Image-backed grounding data
[Start of section]

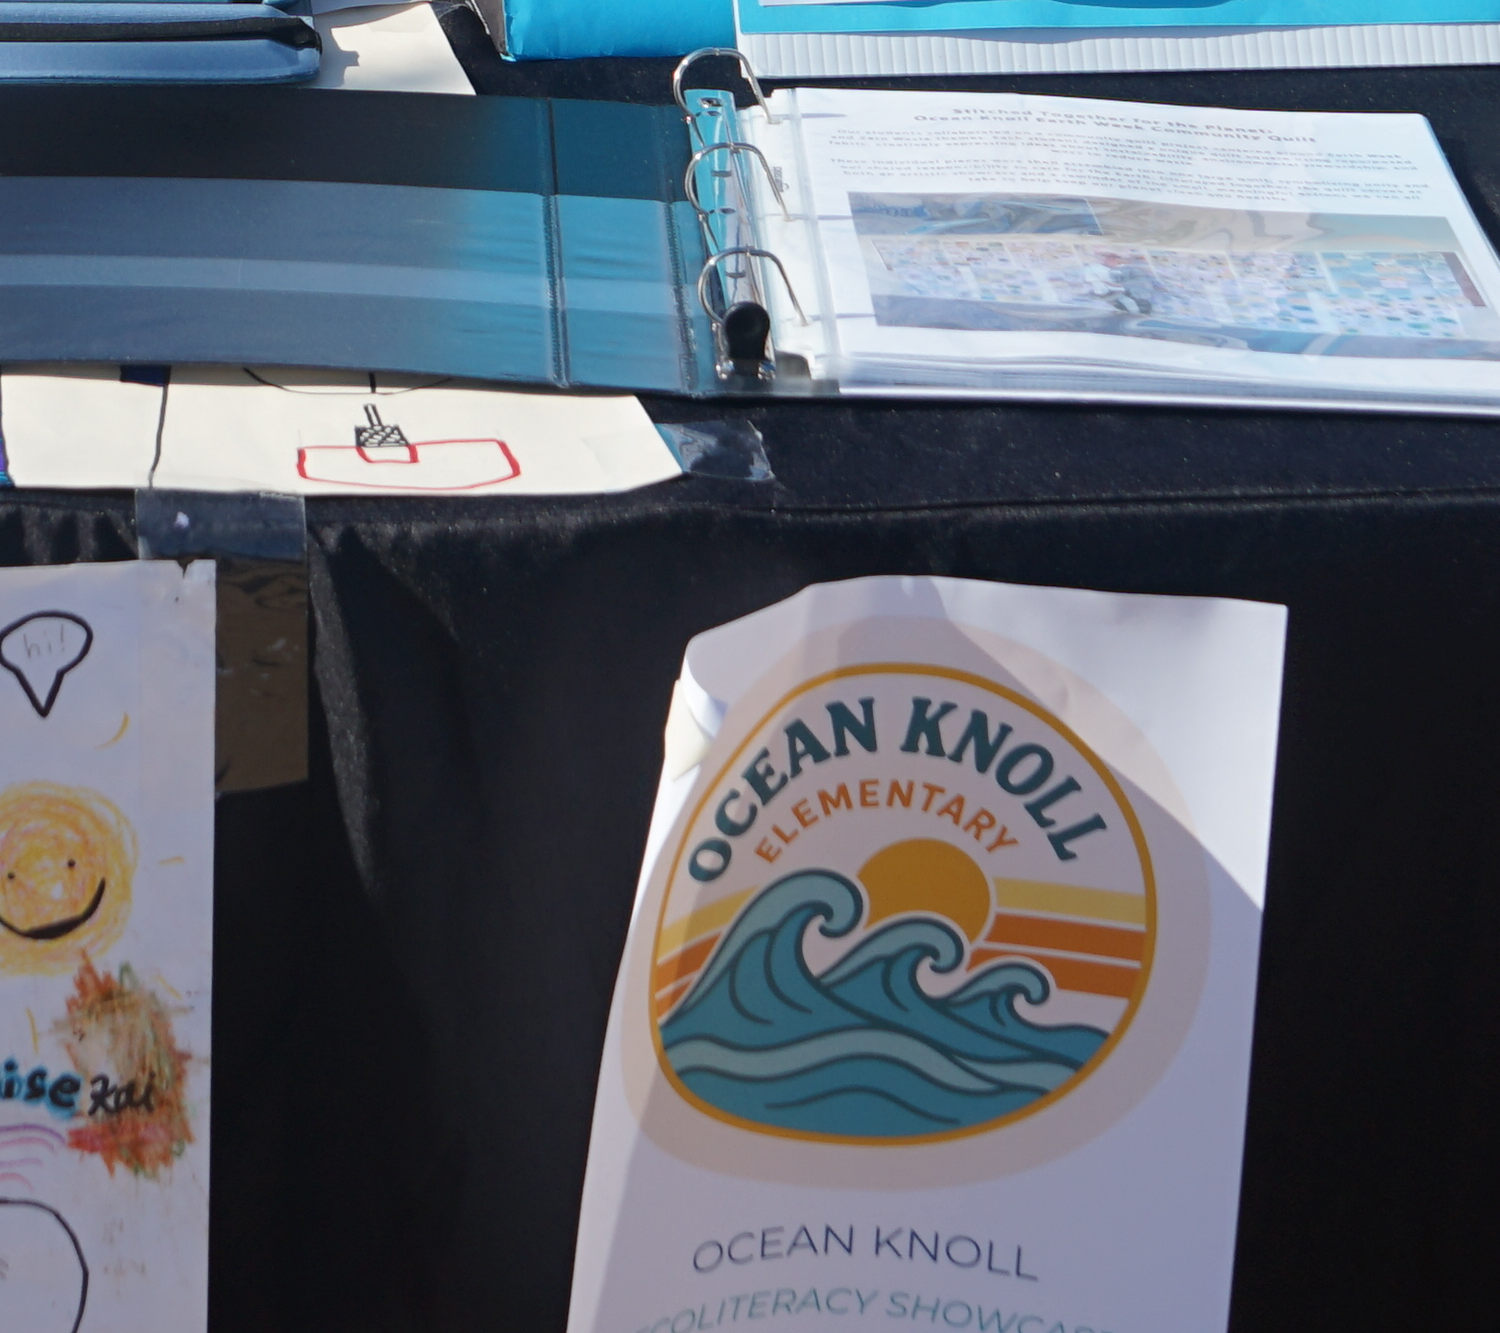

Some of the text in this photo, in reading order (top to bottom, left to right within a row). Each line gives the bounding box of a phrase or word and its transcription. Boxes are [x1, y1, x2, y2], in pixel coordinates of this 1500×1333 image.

[22, 621, 67, 662] hi!
[686, 696, 1107, 884] OCEAN KNOLL
[753, 779, 1019, 865] ELEMENTARY
[691, 1225, 1040, 1282] OCEAN KNOLL
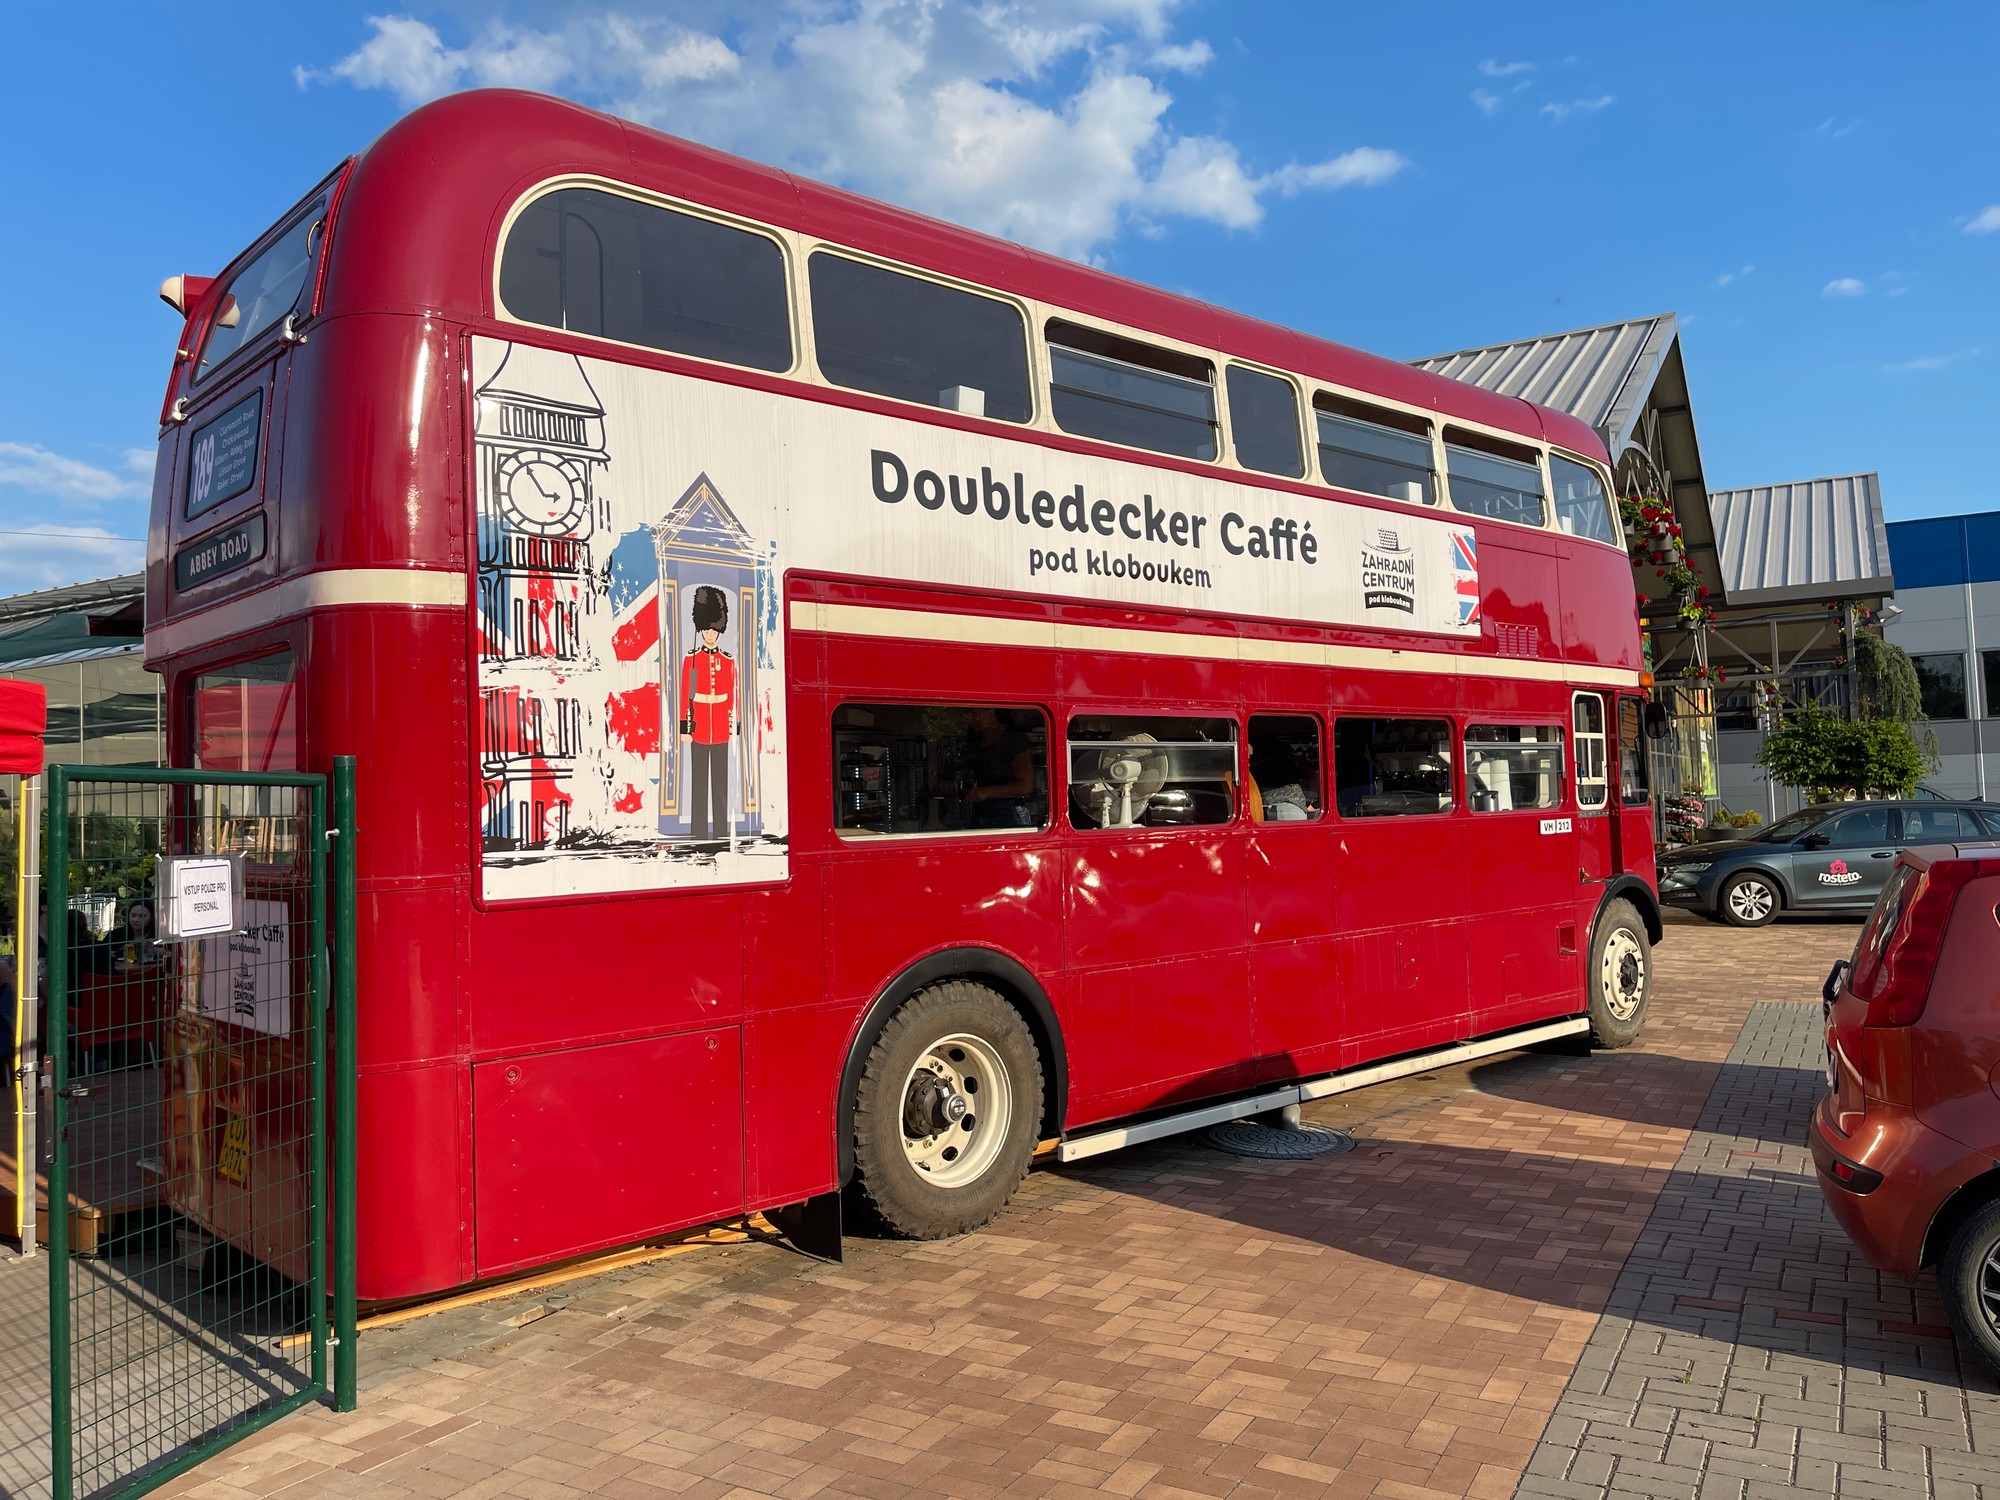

[End of section]

__PROBLEM DESCRIPTION__.
Produce the data again character for character, with the images left out.

__ANSWER SPACE__.
Some of the text in this photo, in reading order (top to bottom, left to right within a row). Each line gives the bounding box of a phrase or word and its transcription. Boxes are [x1, y1, x2, y2], in pixel coordinates of this 1500×1333 image.

[22, 621, 67, 662] hi!
[686, 696, 1107, 884] OCEAN KNOLL
[753, 779, 1019, 865] ELEMENTARY
[691, 1225, 1040, 1282] OCEAN KNOLL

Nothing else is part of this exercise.